* _INSTRUCTIONS TO FOLLOW_
All records, exactly as written, minus the pictures: copy them out.
^^^^^^^^^^^^^^^^
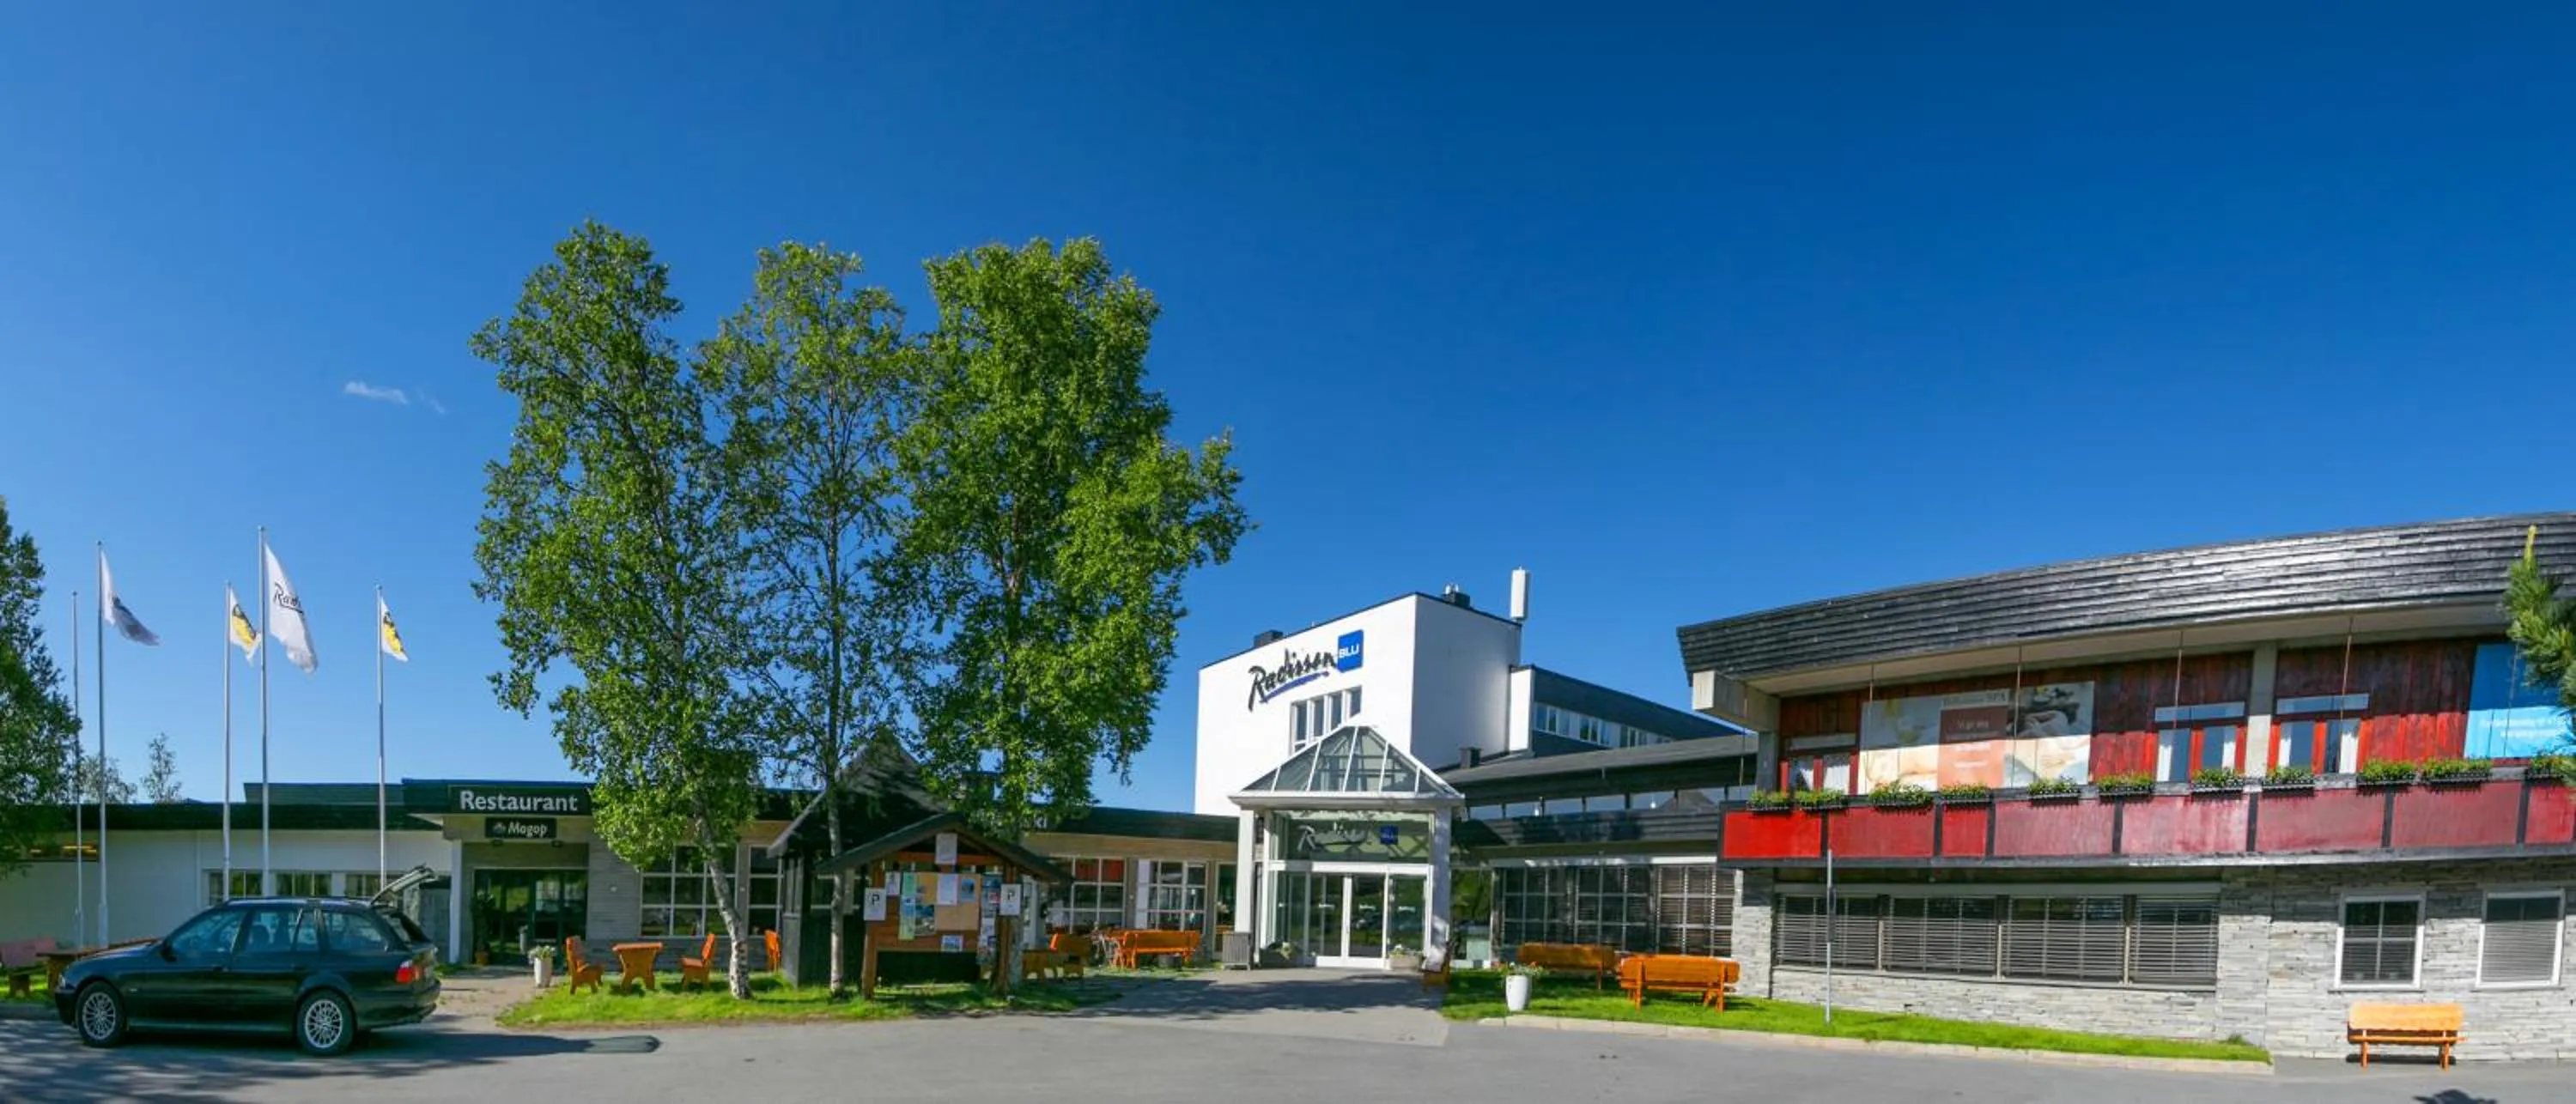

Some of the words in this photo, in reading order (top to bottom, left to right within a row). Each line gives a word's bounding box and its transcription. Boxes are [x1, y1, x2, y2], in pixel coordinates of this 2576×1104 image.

[1248, 647, 1339, 712] Radisson
[1340, 643, 1359, 658] BLU
[459, 790, 578, 811] Restaurant
[507, 822, 548, 838] Mogop
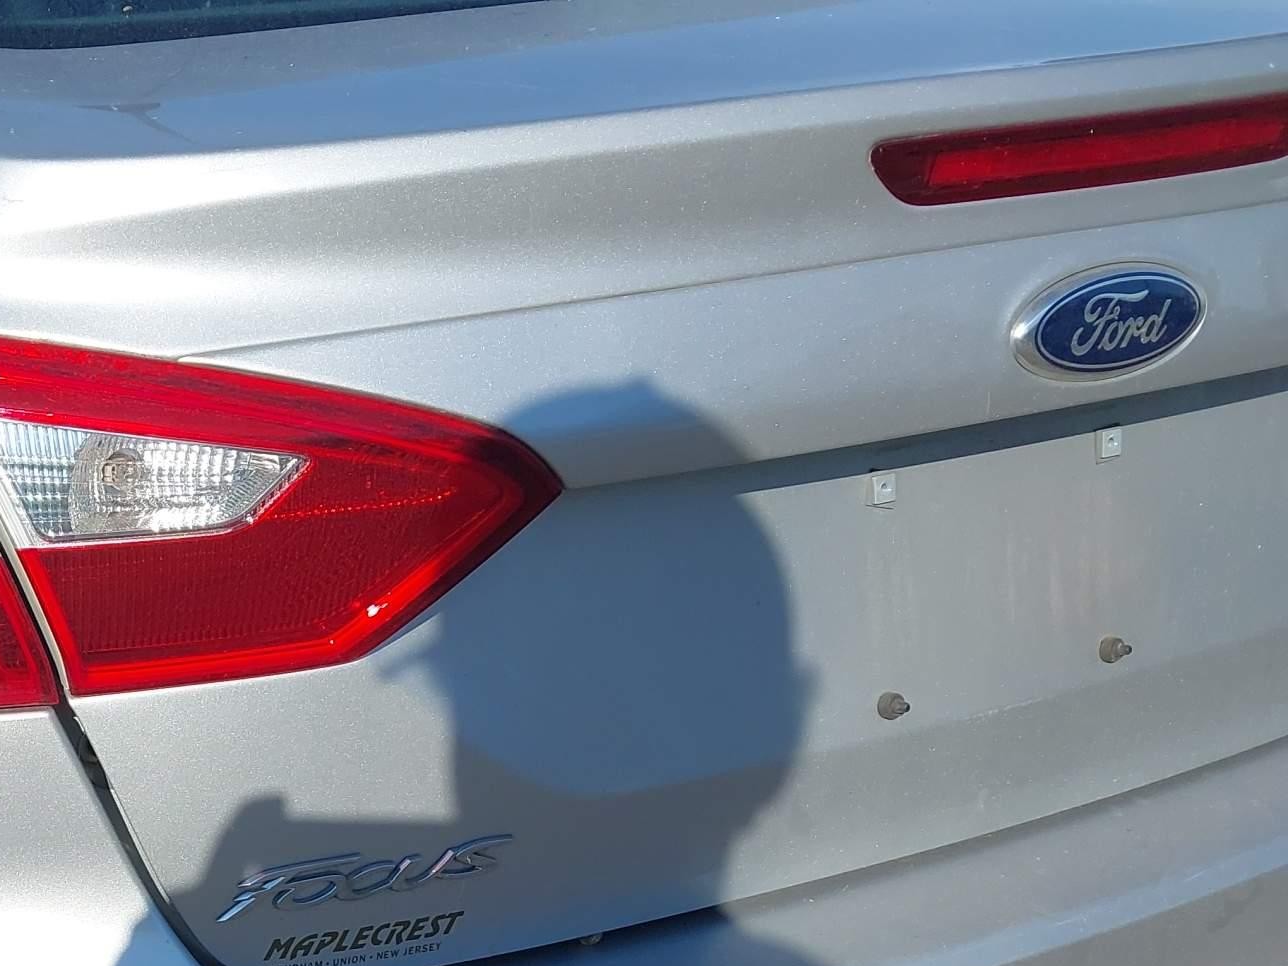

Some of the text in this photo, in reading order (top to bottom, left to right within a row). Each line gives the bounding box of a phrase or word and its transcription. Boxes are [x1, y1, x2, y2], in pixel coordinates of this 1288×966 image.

[1070, 289, 1172, 356] Ford
[264, 911, 464, 961] MAPLECREST
[376, 950, 400, 961] NEW
[402, 941, 443, 957] JERSEY
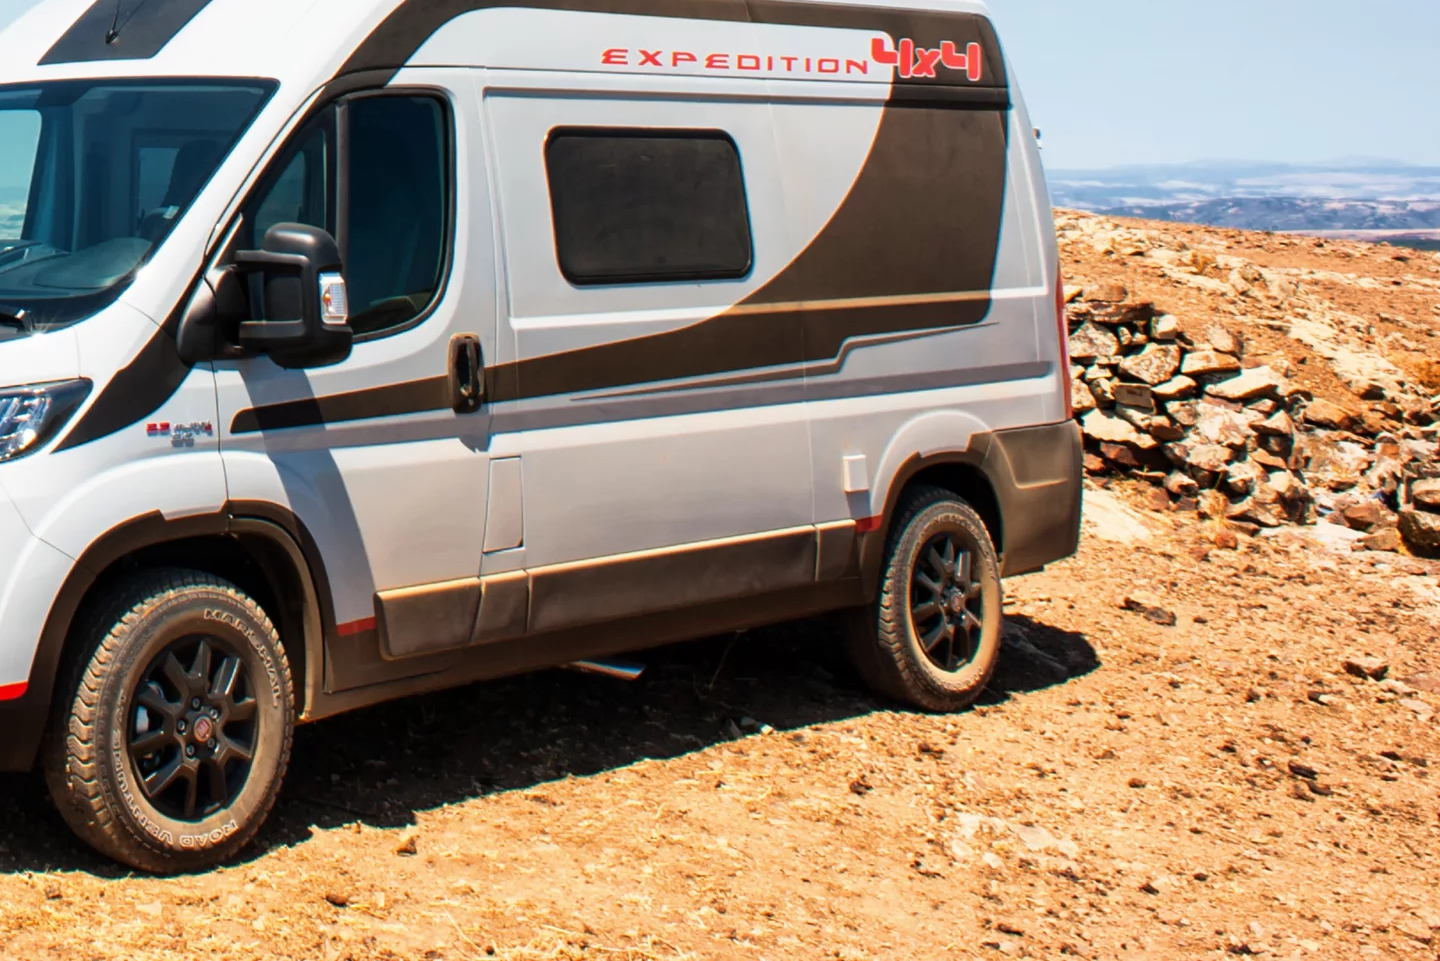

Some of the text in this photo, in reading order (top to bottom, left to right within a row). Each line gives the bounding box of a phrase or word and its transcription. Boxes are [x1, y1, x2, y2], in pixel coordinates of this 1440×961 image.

[600, 37, 981, 81] EXPEDITION 4x4
[203, 607, 281, 708] MARSHAL
[113, 729, 173, 846] VENTURE
[179, 819, 239, 849] ROAD
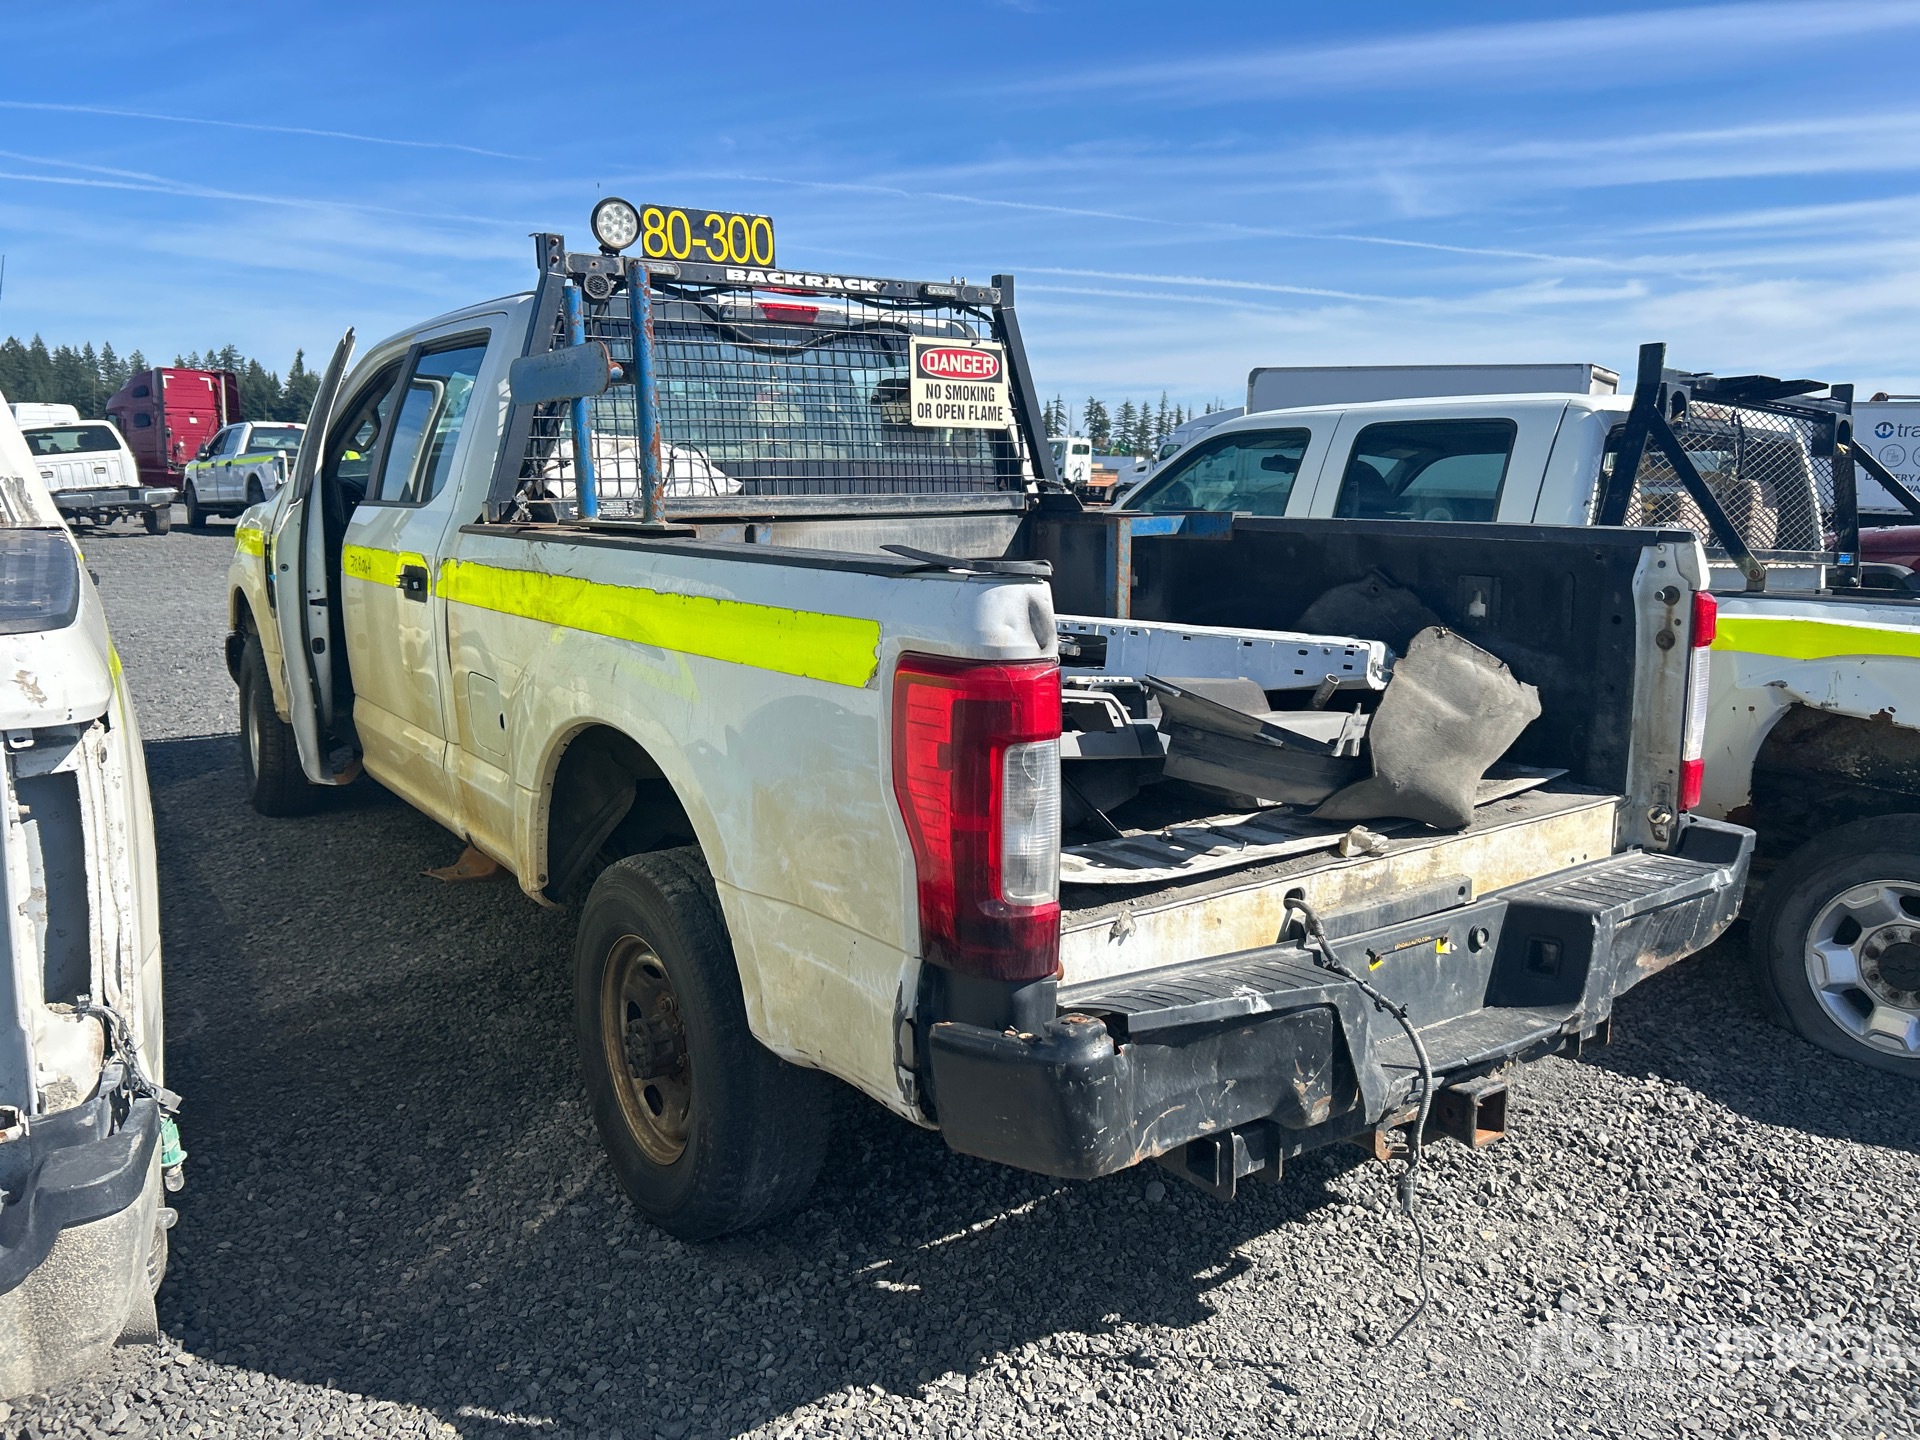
^^^^^^^^^^^^^^^^
* _RESULT OF THIS TASK_
Some of the words in this photo, in reading order (top to bottom, left to right within a row). Each line gives a word's bounding box and its transcription. Boxes are [x1, y1, x2, y2], in pixel coordinates of this 2576×1104 image.

[1248, 647, 1339, 712] Radisson
[1340, 643, 1359, 658] BLU
[459, 790, 578, 811] Restaurant
[507, 822, 548, 838] Mogop

Some of the text in this photo, in reading order (top to bottom, left to right within a row). Each line gives the bounding box of a phrase or word and its transcription. Boxes are [x1, y1, x2, y2], in pixel coordinates of this 1288×966 image.

[1070, 289, 1172, 356] Ford
[264, 911, 464, 961] MAPLECREST
[376, 950, 400, 961] NEW
[402, 941, 443, 957] JERSEY

Some of the text in this photo, in reading order (top to bottom, left to right within a row). Each line gives the bounding box of a phrase or word and its transcription. Boxes are [x1, y1, x2, y2], in pixel coordinates of this 1440×961 image.

[600, 37, 981, 81] EXPEDITION 4x4
[203, 607, 281, 708] MARSHAL
[113, 729, 173, 846] VENTURE
[179, 819, 239, 849] ROAD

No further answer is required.